‘Tis the season for shopping, crafting, baking, party-hopping, and more. I don’t know about you, but from now until the New Year, my days, weeks and nights are jam-packed with errands, to-do lists, baking and more. Between juggling being a WAHM and making the holidays special (they are Baby Snob’s first after all!), I often start my day at 6 a.m. and don’t sit down again until after dinner and dishes are done around 7:30 p.m. With all the rushing around, I don’t want to let healthy snacks fall to the wayside.
Cookies for breakfast are fine some days, but I find granola bars satisfy my sweet tooth while still being healthy.

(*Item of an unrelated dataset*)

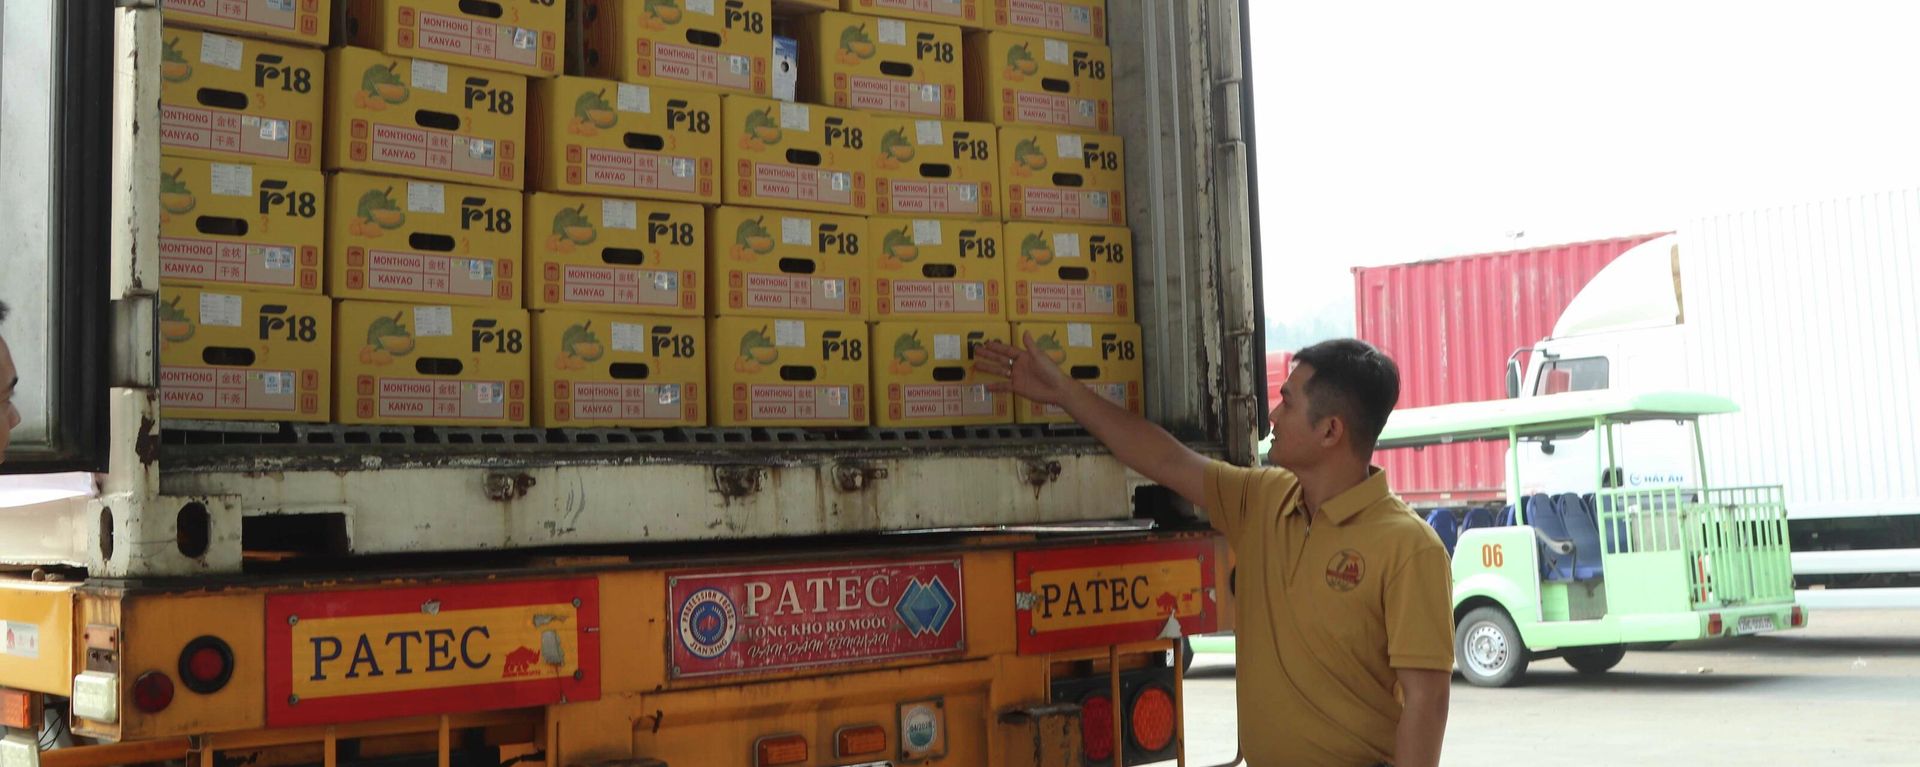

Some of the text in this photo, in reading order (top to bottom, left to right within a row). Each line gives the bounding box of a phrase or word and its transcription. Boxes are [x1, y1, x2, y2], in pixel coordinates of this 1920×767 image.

These granola bars have no refined sugar, just raw honey, and are incredibly easy to make. Half-way between a traditional crunchy and chewy granola bar, the peanut butter and honey act as a binder, holding together the oats. You will want a tall glass of milk to wash down each bite, as the sticky, sweet oats invade each corner of your mouth. They are the perfect afternoon snack, after-dinner treat, or on-the-go breakfast.
Peanut Butter Granola Bars (adapted from Against All Grain, Maker’s Diet Approved)
1 teaspoon pure vanilla extract
1/4 cup raw honey
1/2 cup all-natural peanut butter (creamy or crunchy is okay. I use all-natural peanut butter because it has no added sugar or oils)
2 tablespoons coconut oil
2 cups old fashioned oats (not quick-cooking)
Makes 9 large bars
1. Preheat oven to 350 degrees. In a sauce pan over medium-low heat, melt vanilla, honey, peanut butter and coconut oil together and stir until well combined.
2. Remove pan from heat and stir in oats.
3. Pour into a parchment paper-lined 9×9 pan and bake at 350 degrees for 15-20 minutes or until edges begin to brown.
4. Allow bars to cool completely before cutting.
If you like, you can also stir in chocolate chips, chopped dates, or raisins. I personally believe, that chocolate chips are a great partner to the peanut butter.
Do you ever make granola bars at home? What is your favorite recipe?